Anterior exenteration in the female is analogous to radical cystectomy in the male and is performed for transitional cell carcinoma of the bladder2. The procedure involves initial lymphadenectomy and inspection of the peritoneal contents, followed by removal of the bladder, uterus, ovaries, fallopian tubes, anterior vaginal wall and urethra en bloc. So there is a need for pelvic floor repair in these patients.

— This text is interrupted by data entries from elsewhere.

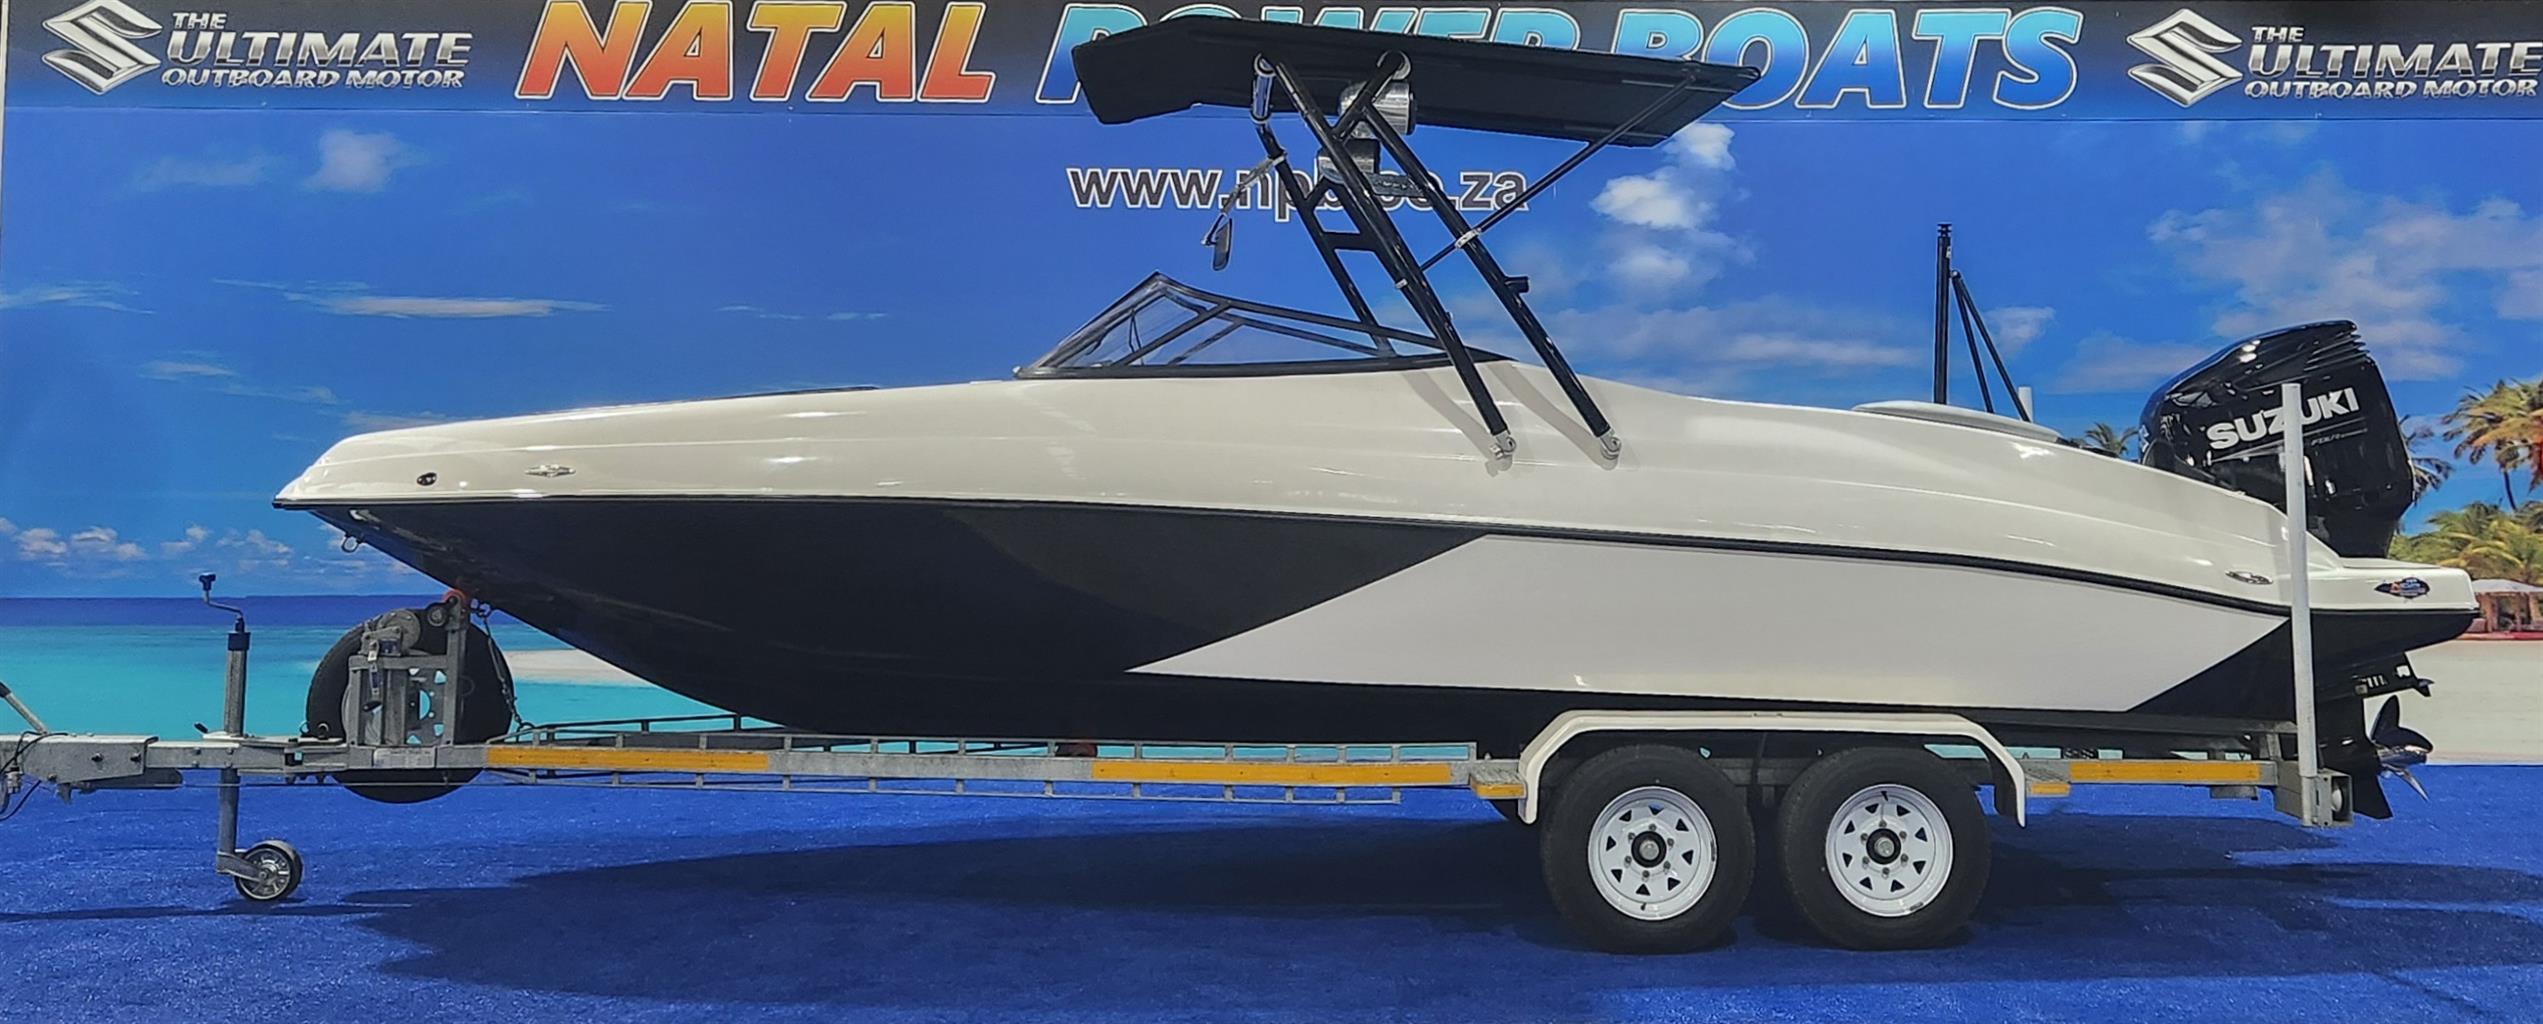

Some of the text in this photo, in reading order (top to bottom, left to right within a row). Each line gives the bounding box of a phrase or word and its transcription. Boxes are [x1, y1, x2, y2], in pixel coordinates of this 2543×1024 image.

[172, 12, 227, 30] THE
[2251, 26, 2304, 43] THE
[166, 30, 473, 67] ULTIMATE
[514, 0, 997, 102] NATAL
[2248, 42, 2543, 78] ULTIMATE
[161, 68, 466, 88] OUTBOARD MOTOR
[2244, 78, 2538, 99] OUTBOARD MOTOR
[2206, 387, 2360, 450] SUZUKI

It is also important to differentiate between a supra and infra levator pelvic dissection. The benefit of supralevator exenteration is the preservation of the pelvic floor musculature, whereas the infralevator exenteration leaves a large gap in the pelvic floor, requiring reconstruction with tissue substitutes or synthetic mesh. Reconstruction following infralevator exenteration is significant in avoiding the major risk of pelvic organ prolapse and bowel fistulas. Synthetic mesh or duramater is then sewn to the pelvic side walls to create a firm base at the pelvic floor. This layer then has to be covered with an omental pedicle flap or peritoneum to prevent adhesions of small bowel to these structures. Narducci et al. have described successful laparoscopic and vaginal approach with the use of omental patch6.

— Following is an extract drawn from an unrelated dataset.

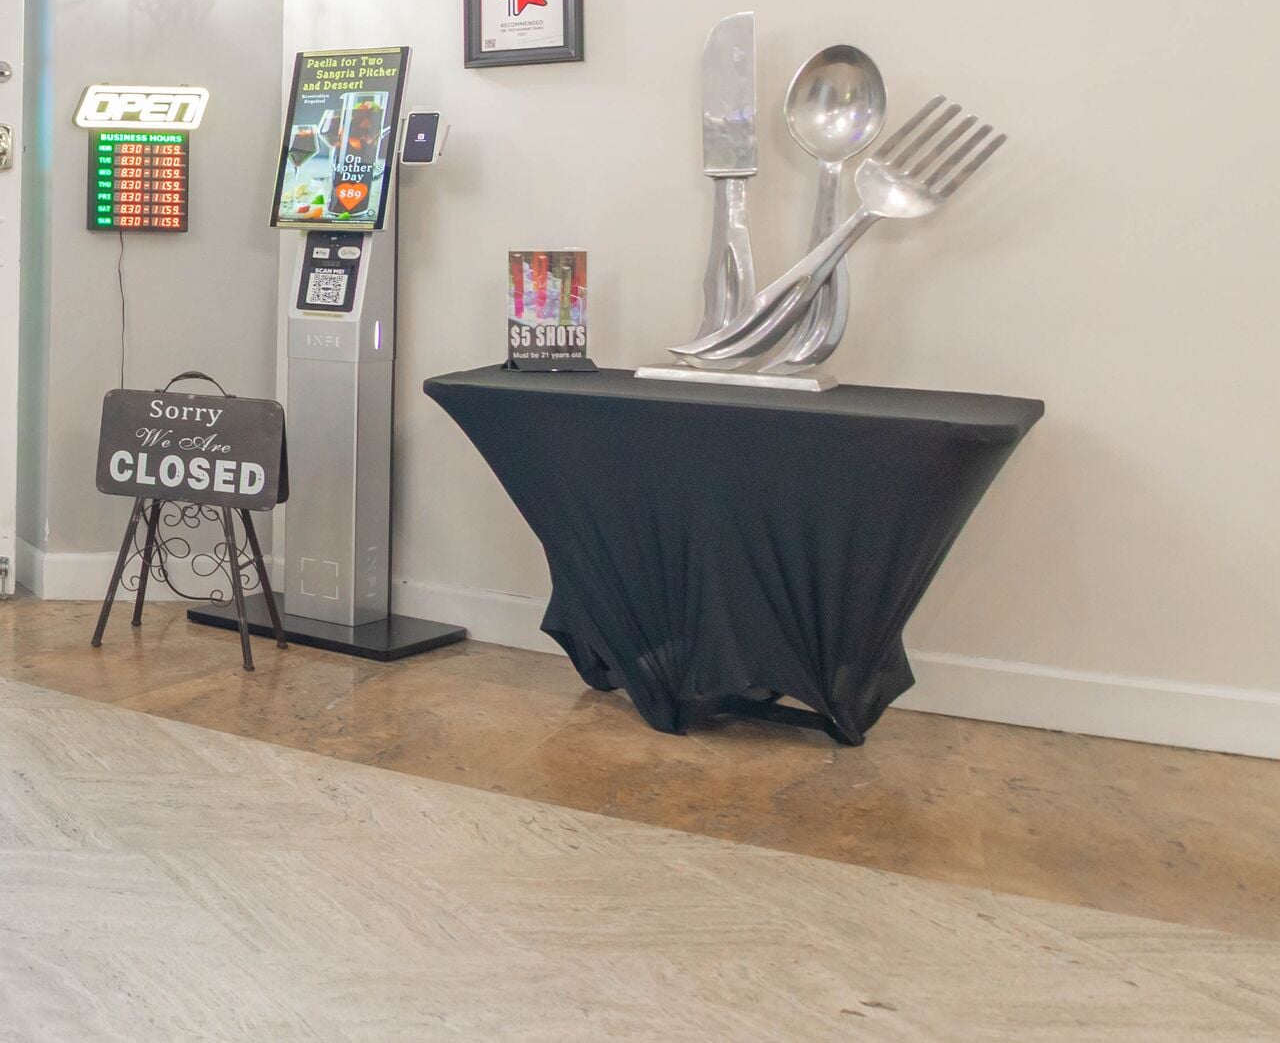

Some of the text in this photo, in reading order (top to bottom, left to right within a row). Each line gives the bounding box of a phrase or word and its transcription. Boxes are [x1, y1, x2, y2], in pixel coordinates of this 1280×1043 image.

Our patient had multiple risk factors for pelvic organ prolapse. She was multiparous with 3 full term normal vaginal deliveries, postmenopausal and cachectic with poor pelvic muscle tone. Omental or peritoneal pedicled flaps were not used. A combined abdominal and vaginal approach allows for better assessment of adjacent structures and the involved viscus. The management for bowel evisceration is reduction of contents followed by reconstruction. Management of the prolapsed loops after reduction into the peritoneal cavity depends on the nature and viability of the herniated structures, the approach used and surgeon preferences.
Management of the pelvic floor requires meticulous closure of the tissues available locally followed by reinforcement with synthetic material. Necrotic tissue, if present, around the vaginal defect and stumps of the supporting ligaments should then be excised and the defect closed with absorbable suture material. On the contrary, Nichols and Randall suggested that delayed evaluation of the pelvic support followed by appropriate repair is preferable to immediate repair4. There is also a mention in one of the literature where it was advised to leave the defect open for secondary suturing transvaginally if the edges are not healthy enough to support healing6. However, we recommend early management as it shows better results. Recurrences of bowel evisceration have been described.
Prevention of recurrence depends on the pelvic floor reconstruction techniques. The principles of prevention include a) restoration of normal vaginal axis b) anastomosis of the stumps of the supporting ligaments of the pelvis to the angles of the vagina c) preservation of vaginal length and d) maintenance of vaginal integrity with application of estrogen if necessary2.
Pelvic exenteration surgery in elderly females carries a risk of this rare but serious complication due to multiple risk factors such as poor pelvic support, hormonal status and technical reasons. Effective management involves resuscitation followed by reduction of contents into the peritoneal cavity followed by a good pelvic floor repair. The onus, however, must be on prevention of this rare complication whenever risk factors are present.